Justice here is careful to be seen as just: Joshua sends runners “that the truth of his confession might be unquestionable, which some, peradventure, might think was forced from him” (Benson). They run (√ rûts) with the whole nation’s longing to be loosed from a curse it unknowingly bore — JFB: “to clear Israel from the imputation of guilt.” The narrator repeats Achan’s own word ṭâman (“hidden,” v. 21) back as bare fact: “and behold, hidden.” Then the goods are poured out (√ yâtsaq, H3332 — not merely “spread,” as the BSB has it) before the LORD. Cambridge confirms the verb is “literally, poured them out,” before the ark “where He was enthroned.” Ellicott catches the tragic inversion: this silver and gold, by God’s own order, “should have been brought into His treasury (Joshua 6:19)… But in this instance the spoil of Jericho had become the sin of Israel.” What was taken (lâqach, v. 21) is now taken back (lâqach, v. 23) and emptied like a libation at God’s feet.

v. The Valley of Trouble — the hardest verses, honestly held — 24–26

Then the long, dreadful inventory: Achan, the treasure, his sons and daughters, ox and donkey and flock, his tent, “all that he had,” led up (√ ʻâlâh — the valley sits on higher ground) to a place named by anticipation. Joshua’s sentence is a chiasm of one root, ʻâkar (H5916, “to trouble, to roil water”): “you have troubled (ʻăkartānû) us — YHWH will trouble (yaʻkorḵā) you this day.” The name of the man (1 Chronicles 2:7 calls him Achar, “troubler”) and the name of the place (Achor) are spelled with the crime’s own letters. We do not soften the gravest crux: the death of the children seems to collide with Deuteronomy 24:16. The sources divide, and we record the division rather than resolve it falsely. Ellicott grounds it in the ḥērem — whoever brought the devoted thing into his house “would be an accursed thing like it… Achan’s whole establishment was destroyed as though it had become part of Jericho.” Cambridge and the Pulpit Commentary, weighing the slide from singular “him” to plural “them” in v. 25, hold open that the family may have been brought only as witnesses.
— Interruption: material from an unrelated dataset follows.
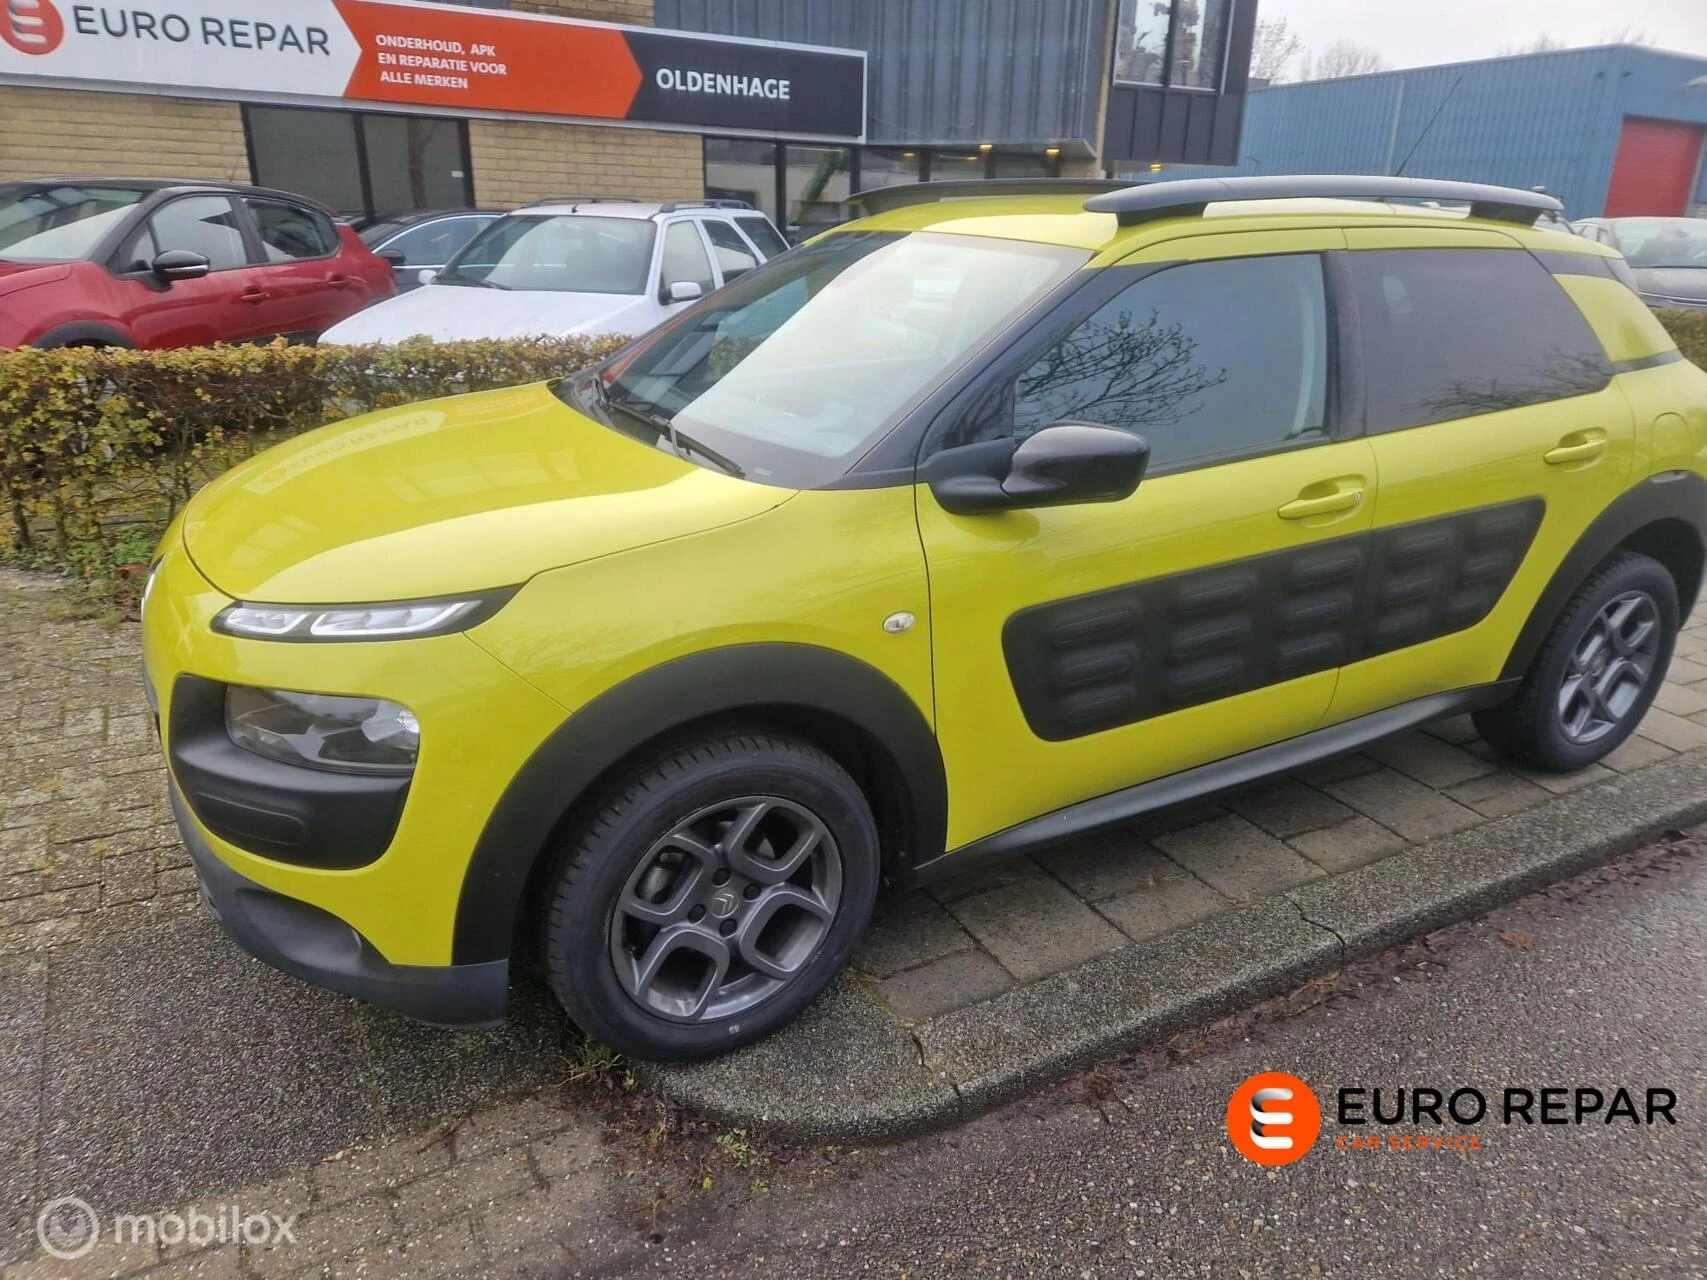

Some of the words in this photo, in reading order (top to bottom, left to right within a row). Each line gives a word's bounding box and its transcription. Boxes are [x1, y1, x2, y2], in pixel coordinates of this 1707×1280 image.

We leave the tension visible. The unit closes by reversing its own opening: the burning of YHWH’s nostril against Israel (v. 1) now turns back (v. 26). The Pulpit Commentary’s honest gloss: “It is not God, but we who turn.” And over the cairn the prophets will one day stand — for Achor, the valley of trouble, becomes in Hosea 2:15 “a door of hope.”

Read under Sola Scriptura — this tool’s own fallible reading (⚙)
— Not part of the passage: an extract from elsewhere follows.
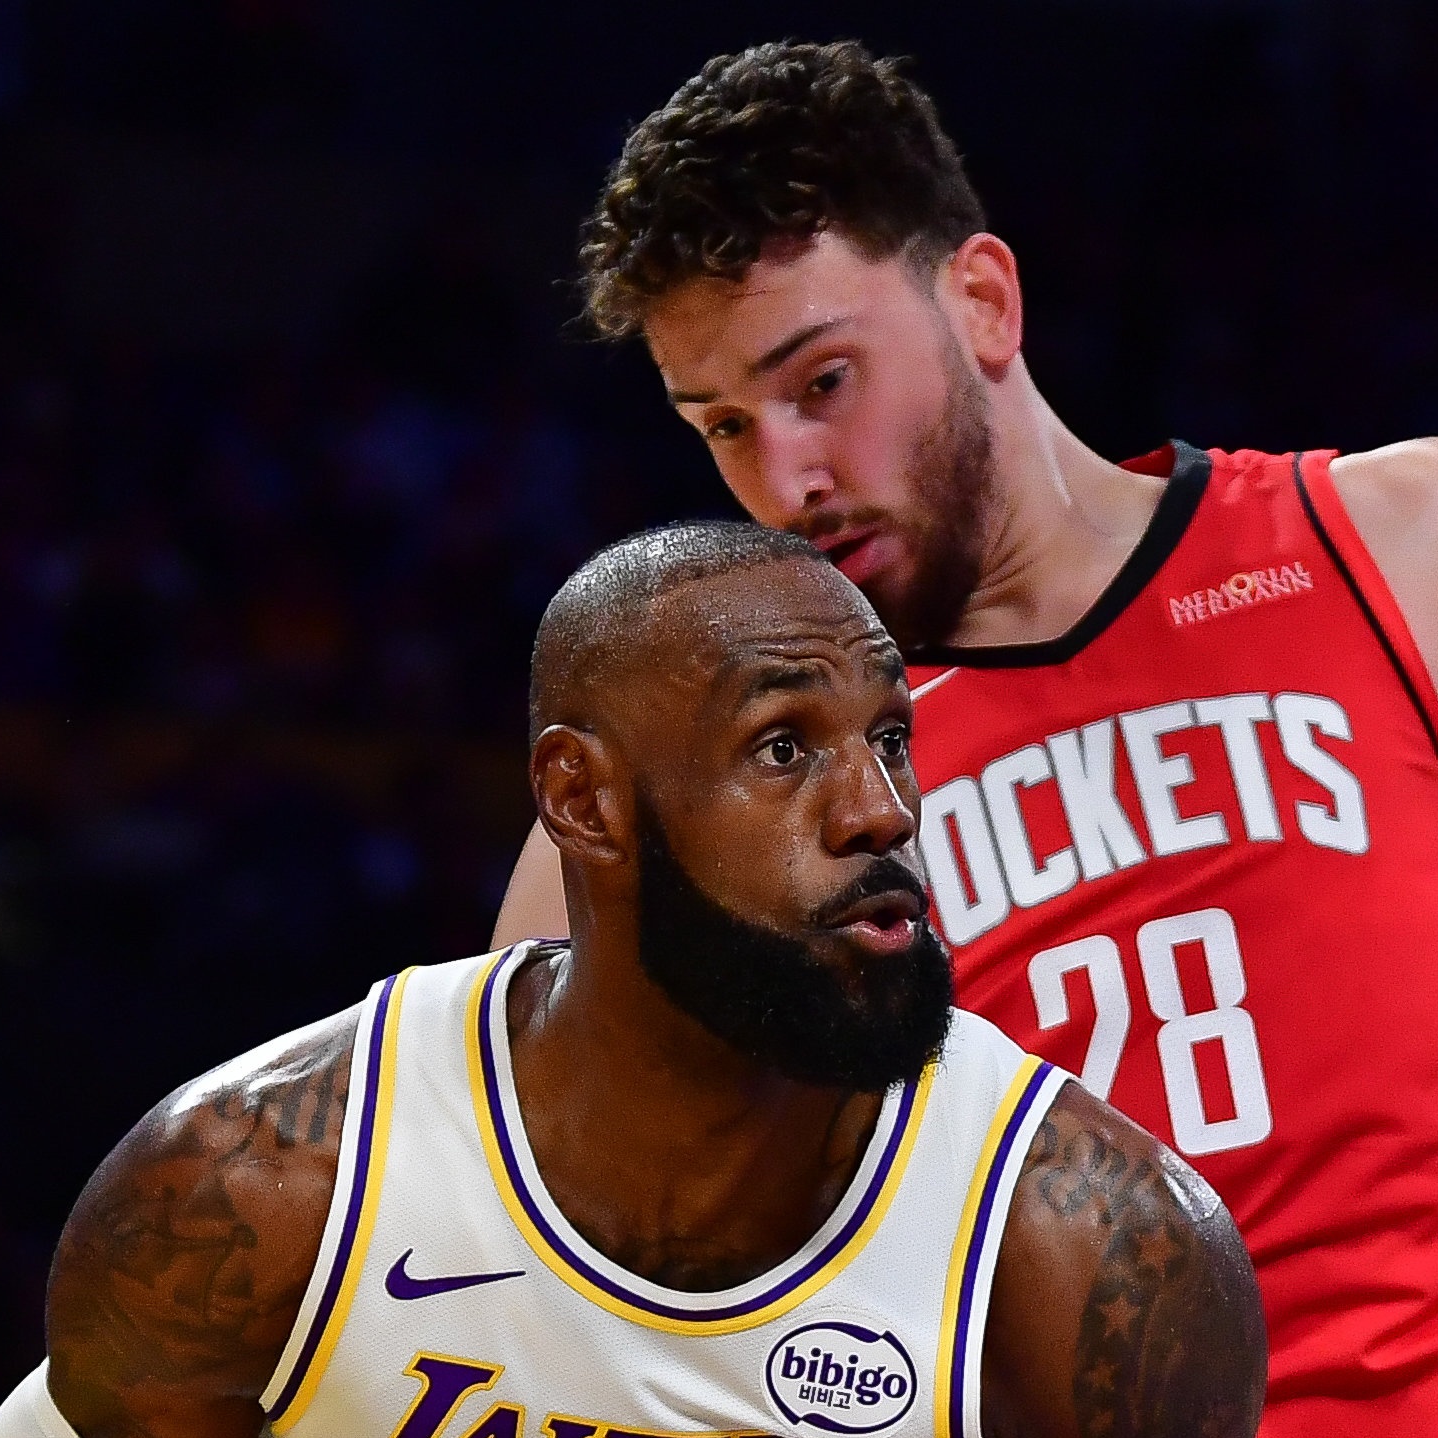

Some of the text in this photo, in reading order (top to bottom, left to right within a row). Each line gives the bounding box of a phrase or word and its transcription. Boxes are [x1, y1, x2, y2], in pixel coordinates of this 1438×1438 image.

Read under Sola Scriptura, this passage refuses to let sin be private. It opens with a national verb for a single hand (ch. 7:1) and ends with a single valley bearing a single man’s name — the whole arc insisting that what one tent buries, the whole camp carries. The machinery is deliberate and slow: the lot narrows by stages, the confession is itemized, the runners verify, the goods are poured out, the sentence is pronounced before it is executed. None of it is hasty; all of it is before the LORD. And the deepest mark in the Hebrew is the rerun of Eden in verse 21 — saw, good, coveted, took — which says that Achan’s crime is not exotic but archetypal, the oldest sin in the canon wearing a Babylonian cloak. Yet the same text that buries a man under stones plants a hope in the soil: the name it gives the place, Achor, is the very word Hosea will seize to promise a door of hope, and the wrath that flares in verse 1 is, by verse 26, turned away. My fallible reading: the Valley of Trouble is named not only to warn but to be redeemed — the place where coveting was judged becomes, in prophetic hands, the threshold of a restored covenant. This is offered to be tested against the whole counsel of God, not asserted over it.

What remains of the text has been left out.